On my way back home now, the moon was waning, following me. Up ahead, a familiar figure was surely on top of a ladder, carefully placing letters in a marquee. As I got near her, I stopped and gazed up at her work. White letters were spelling out the name of a movie that I loved, and my excitement couldn't be contained. 

"Funeral Parade of Roses?!" I shouted up at her. "You're showing it again?!" I started doing a dance, and she laughed as she looked down at me, pausing in her work. Up above me was my friend Charlotte, the madame of the art house movie theater. Her red librarian glasses were slipping down her nose, her bleach blonde hair waving in the wind. Her long body, like a model, was still stretching toward the sky holding a number in her hand, ready to tell the world what day the movie would be available to see. Her grungy clothes adorned her, keeping her warm in the December wind. 

"I might show it once per month," she called back to me. "You're not the only one who loves it.
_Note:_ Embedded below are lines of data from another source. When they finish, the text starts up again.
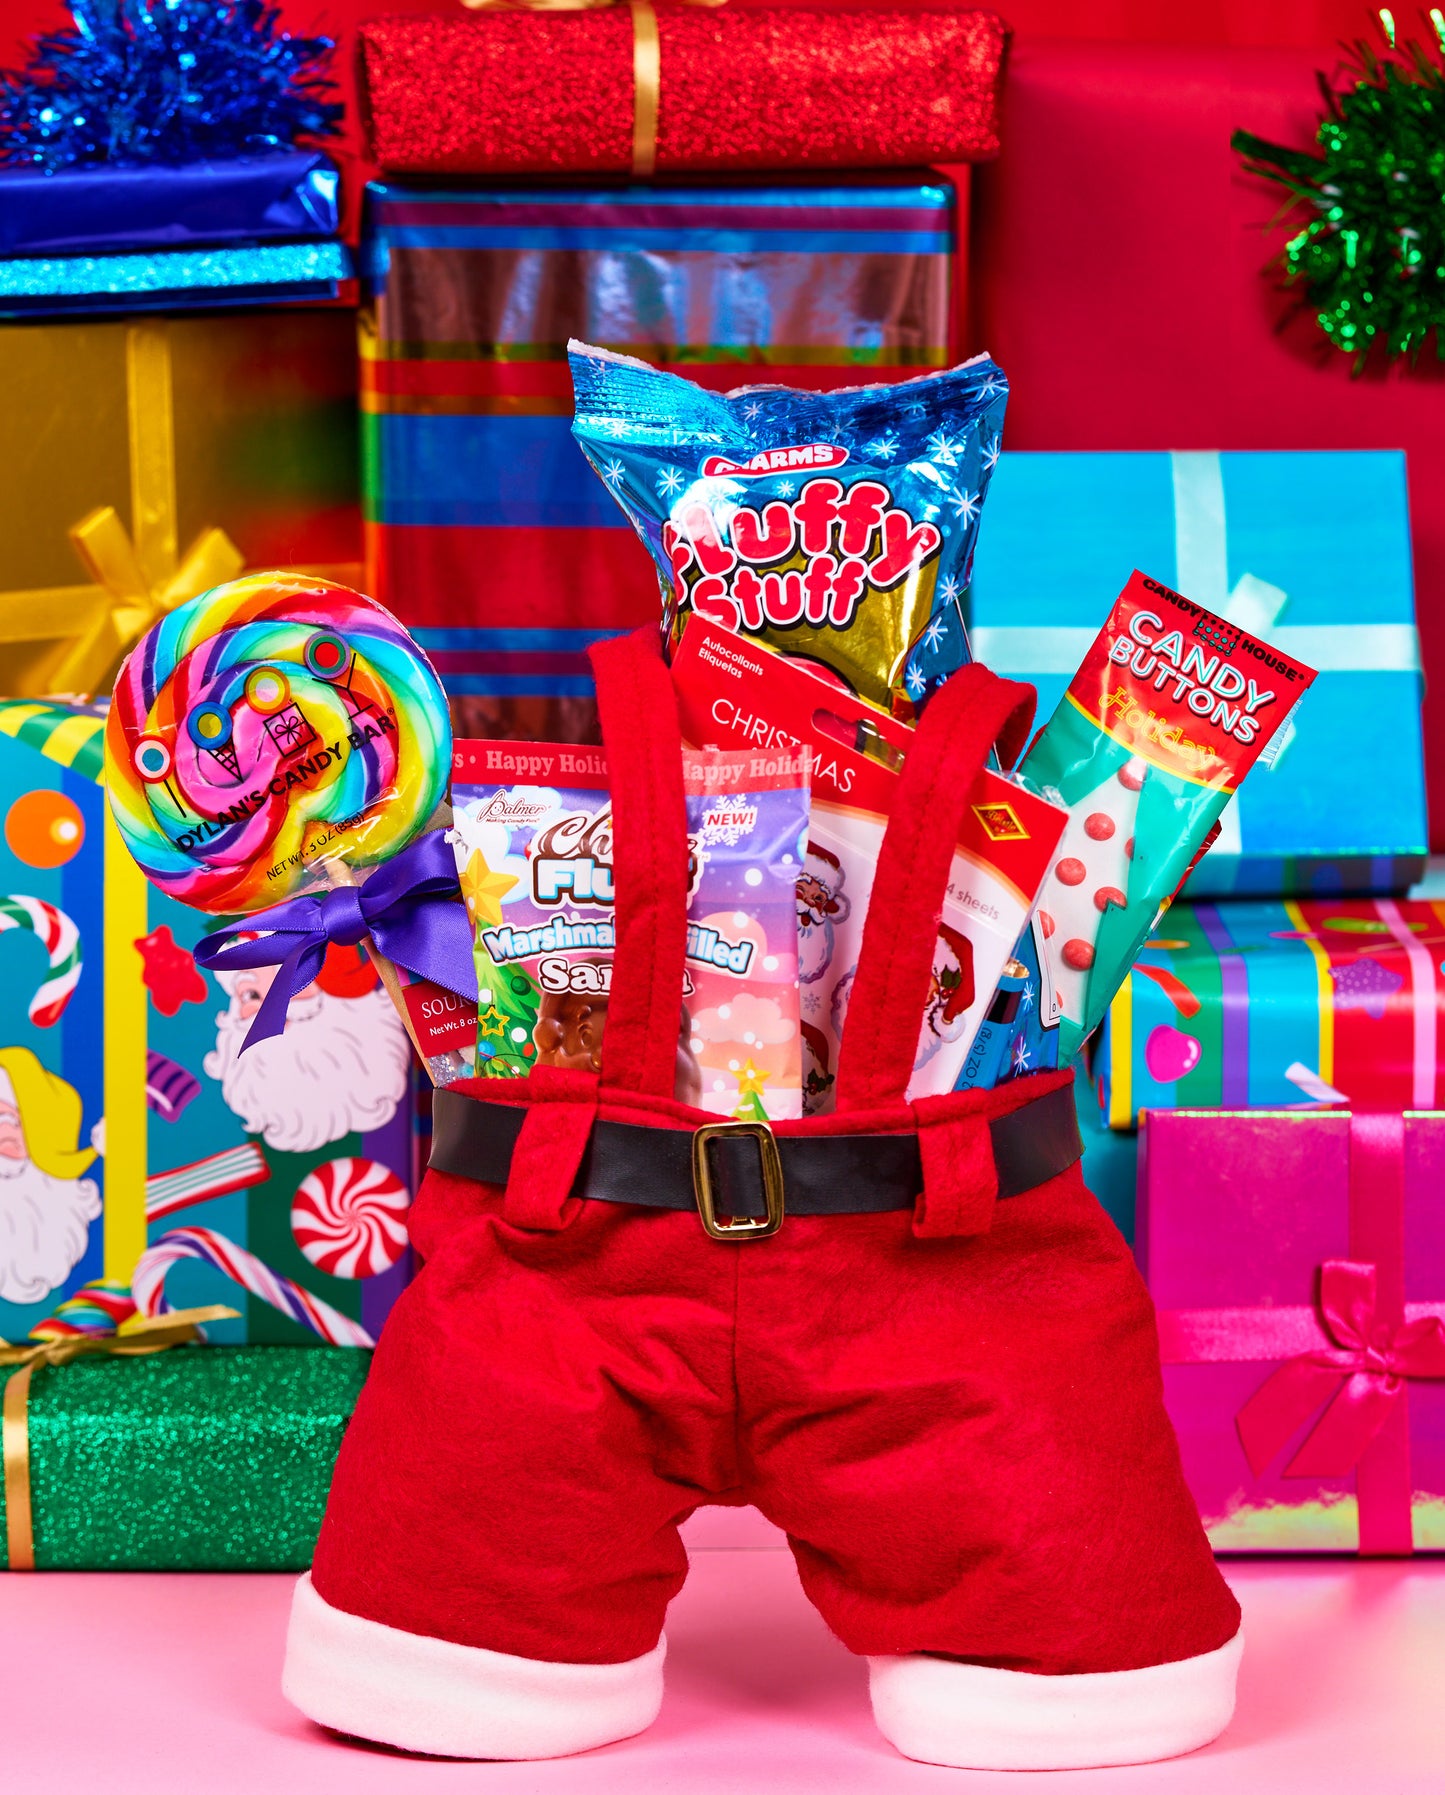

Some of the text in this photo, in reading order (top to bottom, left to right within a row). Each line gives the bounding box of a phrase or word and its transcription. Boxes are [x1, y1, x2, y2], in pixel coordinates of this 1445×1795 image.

[1142, 578, 1201, 618] CANDY
[698, 648, 743, 679] Etiquetas
[702, 636, 764, 676] Autocollants
[1128, 610, 1276, 714] CANDY
[1108, 635, 1262, 745] BUTTONS
[1098, 686, 1217, 771] Holiday
[486, 750, 554, 776] Happy
[176, 790, 267, 853] DYLAN'S
[268, 741, 343, 796] CANDY
[707, 812, 754, 826] NEW!
[266, 860, 288, 881] NET
[957, 890, 1000, 920] sheets
[482, 916, 616, 963] Marshma
[459, 1018, 466, 1028] 8
[965, 1057, 980, 1079] OZ
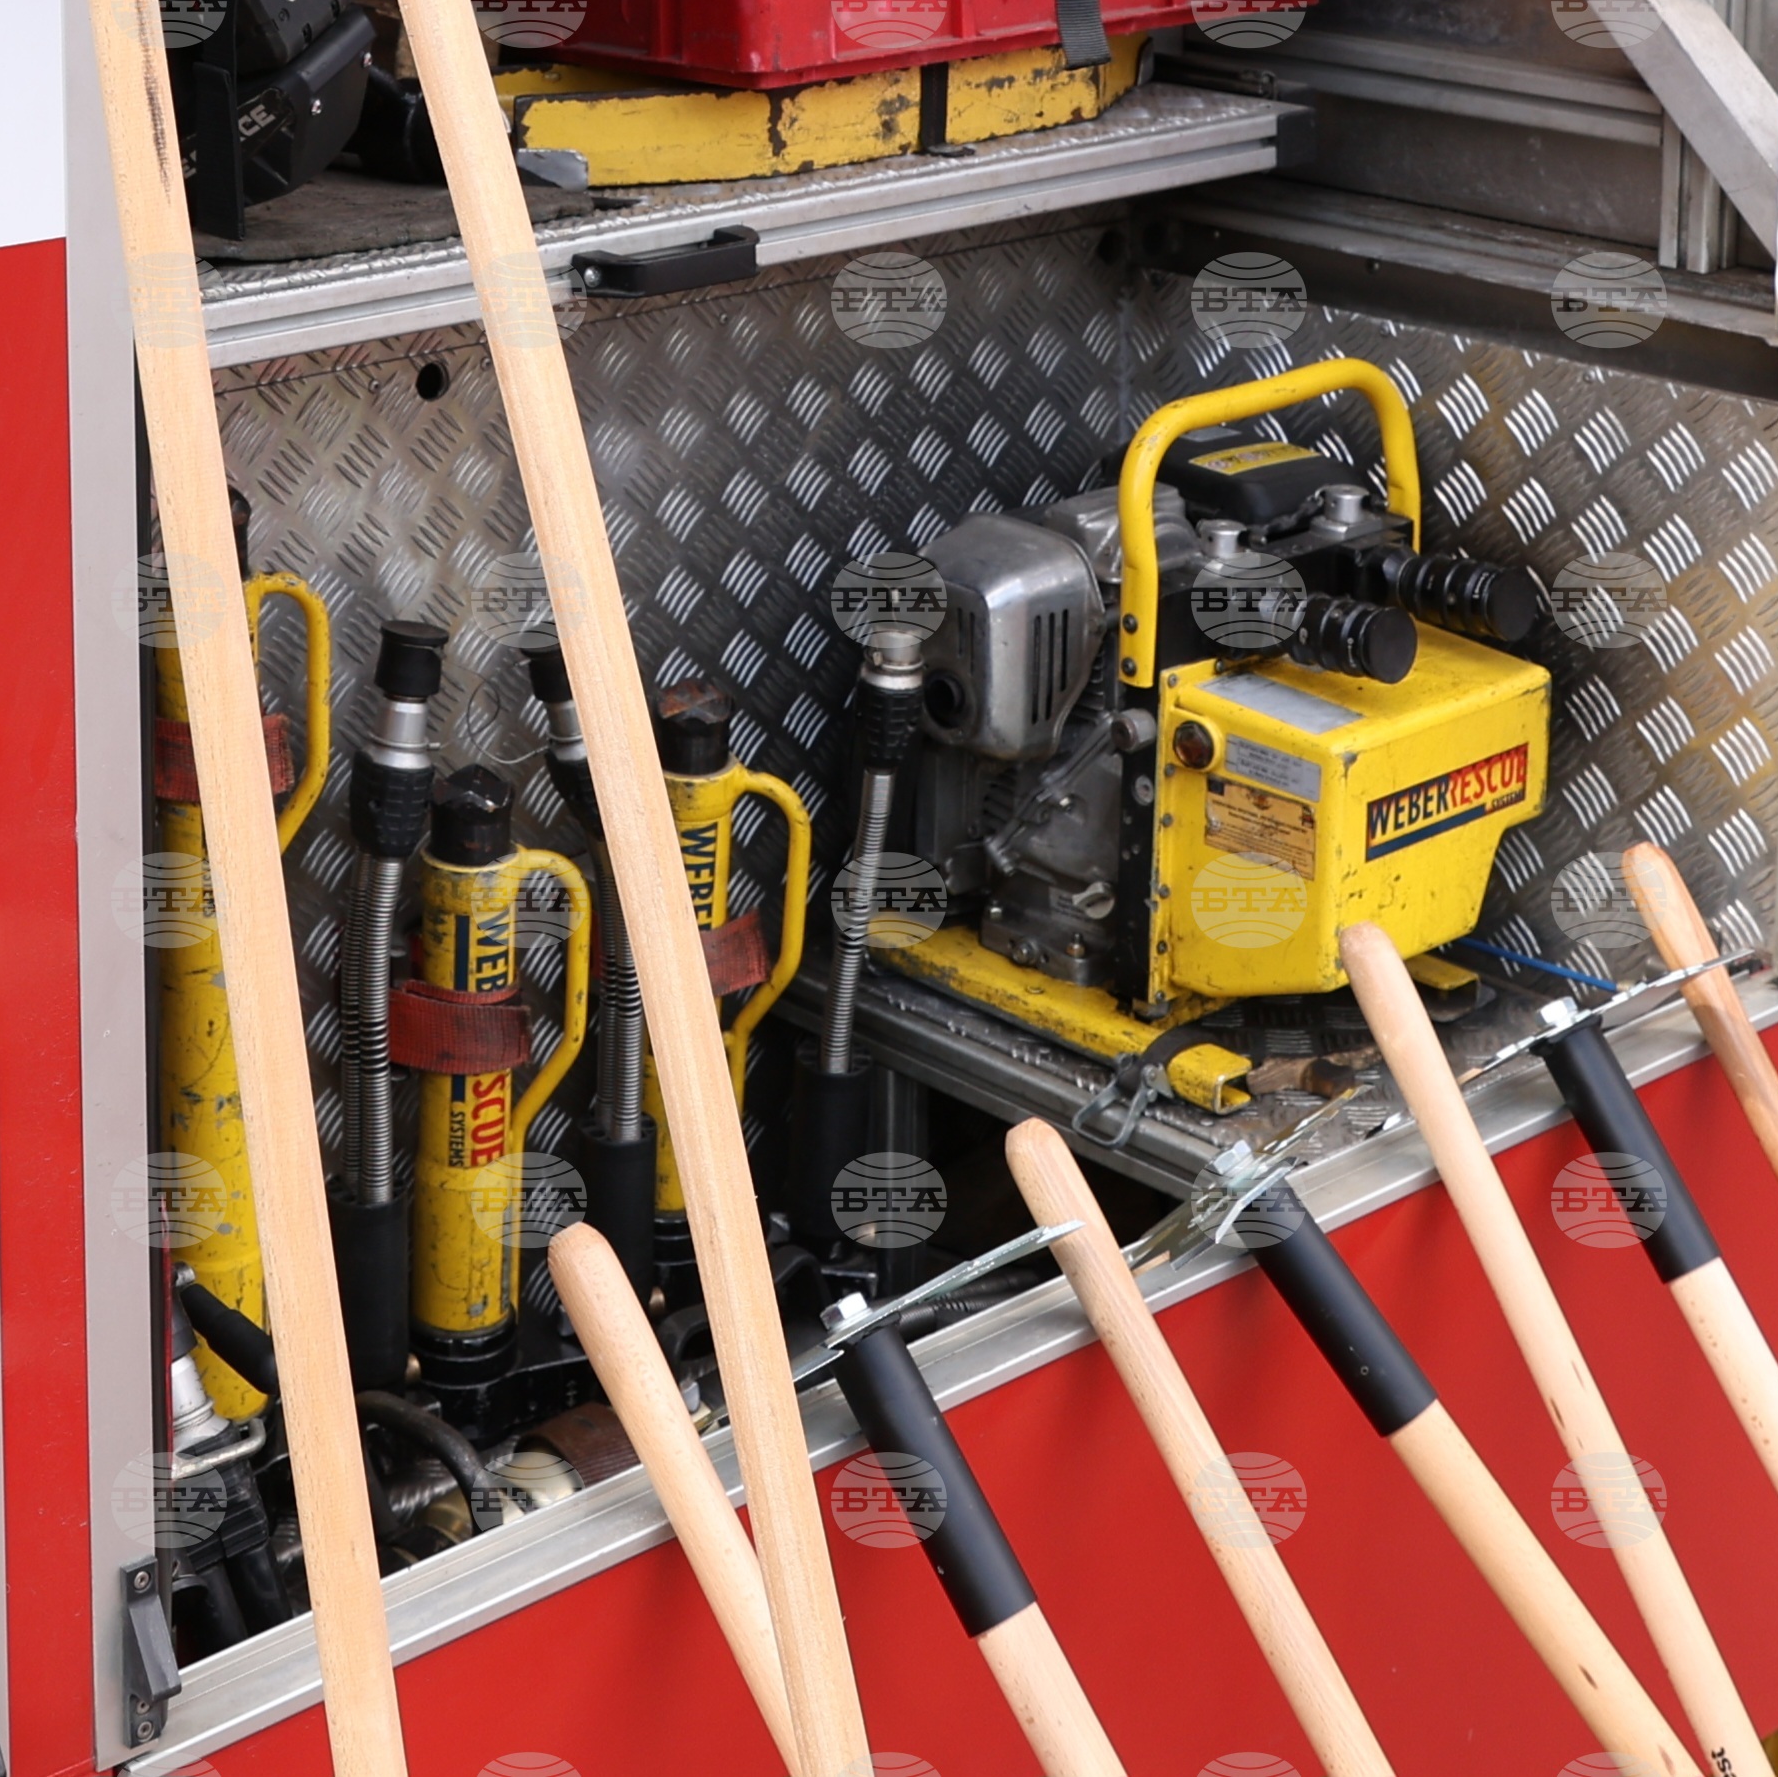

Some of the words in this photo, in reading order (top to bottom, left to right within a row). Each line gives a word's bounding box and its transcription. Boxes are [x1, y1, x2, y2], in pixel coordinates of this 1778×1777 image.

[1369, 774, 1450, 840] WEBER
[1448, 743, 1528, 809] RESCUE
[450, 1110, 466, 1169] SYSTEMS
I always get a full house with it, and I love seeing everyone."

I pointed up at her accusingly. "When are you going to show a John Waters movie next?"

"Stop pressuring me!" She sang, placing the number on the marquee, fully ignoring me now. 

Charlotte's movie theater was a one screen establishment, and she showed whatever she wanted with no regard to what anyone else thought. We always packed the house, no matter what it was, to support her. In showing art house, indie horror, and films that might be porn if they weren't high art, she was an artist. Curating movies to show the public, letting us into her surrealist world, one by one. 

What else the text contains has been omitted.